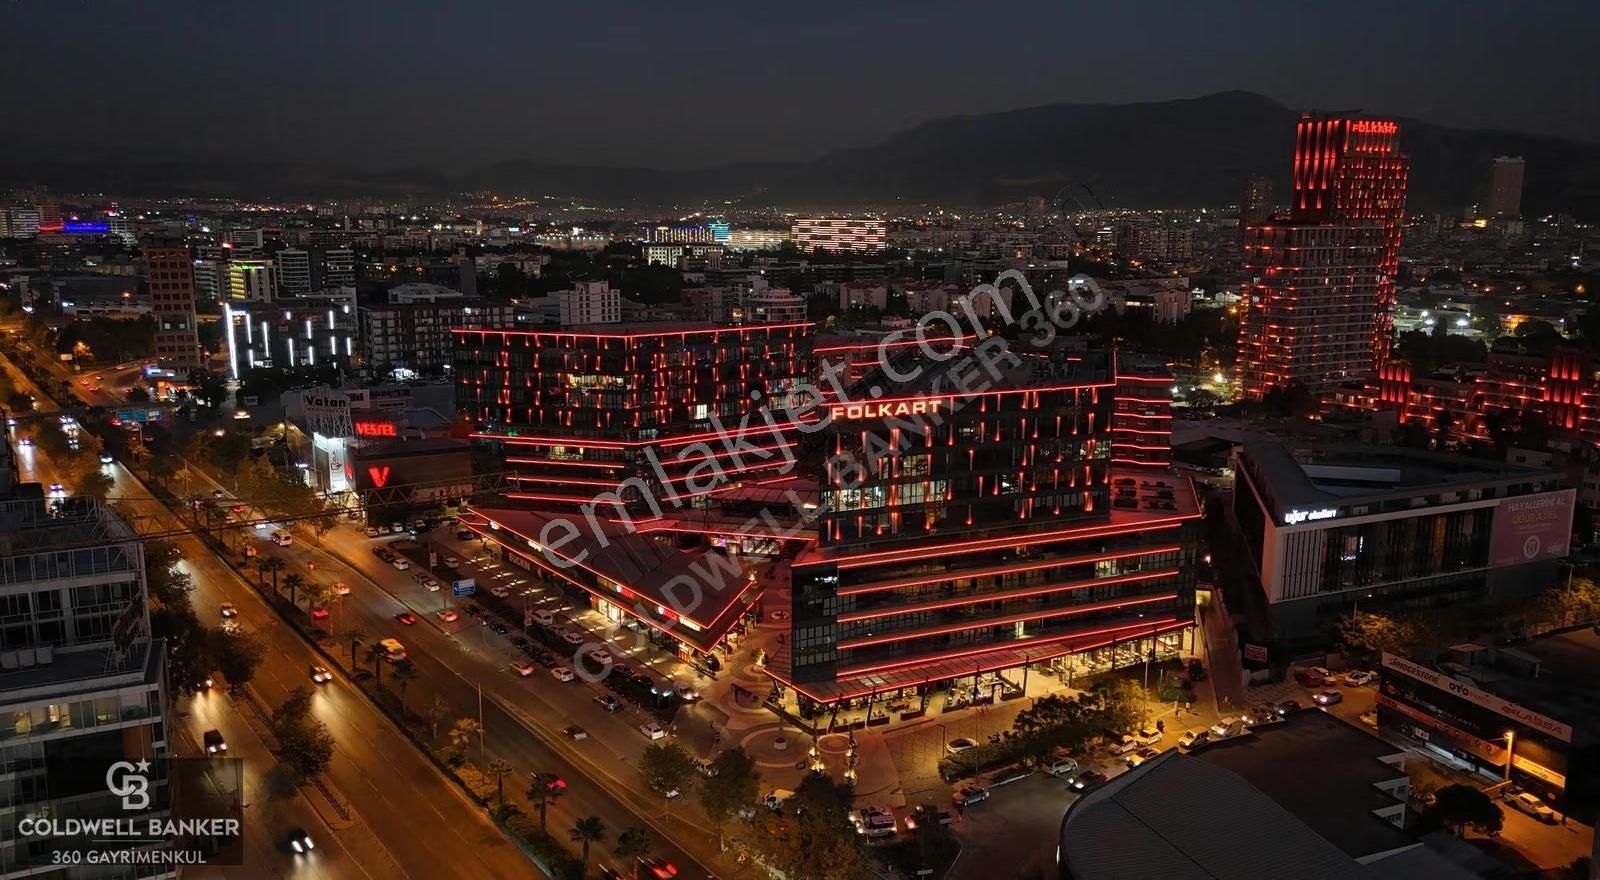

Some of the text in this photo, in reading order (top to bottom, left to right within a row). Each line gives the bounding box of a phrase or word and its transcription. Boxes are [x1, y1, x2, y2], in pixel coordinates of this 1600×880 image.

[1352, 121, 1398, 134] FOLKART
[305, 395, 346, 407] Vatan
[831, 400, 942, 421] FOLKART
[354, 420, 398, 437] VESTEL
[1284, 509, 1309, 525] uğur

● Problem requirements
Your answer must be the full set of entries, set down exactly and without pictures.

● Task output
Some of the text in this photo, in reading order (top to bottom, left to right within a row). Each line gives the bounding box of a phrase or word and its transcription. Boxes are [x1, y1, x2, y2], in pixel coordinates of this 1600×880 image.

[1352, 121, 1398, 134] FOLKART
[305, 395, 346, 407] Vatan
[831, 400, 942, 421] FOLKART
[354, 420, 398, 437] VESTEL
[1284, 509, 1309, 525] uğur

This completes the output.